<<<<

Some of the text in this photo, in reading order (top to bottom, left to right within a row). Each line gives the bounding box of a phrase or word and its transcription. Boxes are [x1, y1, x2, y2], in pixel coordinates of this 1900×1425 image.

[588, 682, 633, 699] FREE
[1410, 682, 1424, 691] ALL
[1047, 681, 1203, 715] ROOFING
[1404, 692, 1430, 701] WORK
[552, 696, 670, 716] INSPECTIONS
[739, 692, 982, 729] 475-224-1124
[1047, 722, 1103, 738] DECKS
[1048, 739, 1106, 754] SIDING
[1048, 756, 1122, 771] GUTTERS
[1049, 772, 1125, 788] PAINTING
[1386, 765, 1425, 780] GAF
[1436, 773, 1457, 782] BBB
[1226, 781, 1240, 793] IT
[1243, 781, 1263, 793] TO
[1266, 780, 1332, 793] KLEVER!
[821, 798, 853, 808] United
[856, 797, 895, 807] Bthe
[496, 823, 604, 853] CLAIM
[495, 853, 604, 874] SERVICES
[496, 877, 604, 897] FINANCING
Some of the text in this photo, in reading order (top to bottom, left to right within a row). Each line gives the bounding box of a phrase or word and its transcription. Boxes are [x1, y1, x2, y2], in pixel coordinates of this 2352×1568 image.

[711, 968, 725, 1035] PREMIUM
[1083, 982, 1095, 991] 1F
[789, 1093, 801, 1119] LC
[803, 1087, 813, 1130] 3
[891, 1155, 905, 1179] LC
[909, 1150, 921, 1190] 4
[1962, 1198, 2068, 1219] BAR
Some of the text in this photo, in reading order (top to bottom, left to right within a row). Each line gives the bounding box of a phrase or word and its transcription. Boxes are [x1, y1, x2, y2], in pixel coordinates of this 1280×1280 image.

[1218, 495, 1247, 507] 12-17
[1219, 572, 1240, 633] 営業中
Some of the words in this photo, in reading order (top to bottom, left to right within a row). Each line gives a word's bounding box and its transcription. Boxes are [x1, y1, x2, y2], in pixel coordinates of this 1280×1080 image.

>>>>

PROBLEM STATEMENT: The task requires an exact copy of all the lines above.

ANSWER TO THIS PROBLEM:
Some of the text in this photo, in reading order (top to bottom, left to right within a row). Each line gives the bounding box of a phrase or word and its transcription. Boxes are [x1, y1, x2, y2], in pixel coordinates of this 1900×1425 image.

[588, 682, 633, 699] FREE
[1410, 682, 1424, 691] ALL
[1047, 681, 1203, 715] ROOFING
[1404, 692, 1430, 701] WORK
[552, 696, 670, 716] INSPECTIONS
[739, 692, 982, 729] 475-224-1124
[1047, 722, 1103, 738] DECKS
[1048, 739, 1106, 754] SIDING
[1048, 756, 1122, 771] GUTTERS
[1049, 772, 1125, 788] PAINTING
[1386, 765, 1425, 780] GAF
[1436, 773, 1457, 782] BBB
[1226, 781, 1240, 793] IT
[1243, 781, 1263, 793] TO
[1266, 780, 1332, 793] KLEVER!
[821, 798, 853, 808] United
[856, 797, 895, 807] Bthe
[496, 823, 604, 853] CLAIM
[495, 853, 604, 874] SERVICES
[496, 877, 604, 897] FINANCING
Some of the text in this photo, in reading order (top to bottom, left to right within a row). Each line gives the bounding box of a phrase or word and its transcription. Boxes are [x1, y1, x2, y2], in pixel coordinates of this 2352×1568 image.

[711, 968, 725, 1035] PREMIUM
[1083, 982, 1095, 991] 1F
[789, 1093, 801, 1119] LC
[803, 1087, 813, 1130] 3
[891, 1155, 905, 1179] LC
[909, 1150, 921, 1190] 4
[1962, 1198, 2068, 1219] BAR
Some of the text in this photo, in reading order (top to bottom, left to right within a row). Each line gives the bounding box of a phrase or word and its transcription. Boxes are [x1, y1, x2, y2], in pixel coordinates of this 1280×1280 image.

[1218, 495, 1247, 507] 12-17
[1219, 572, 1240, 633] 営業中
Some of the words in this photo, in reading order (top to bottom, left to right within a row). Each line gives a word's bounding box and its transcription. Boxes are [x1, y1, x2, y2], in pixel coordinates of this 1280×1080 image.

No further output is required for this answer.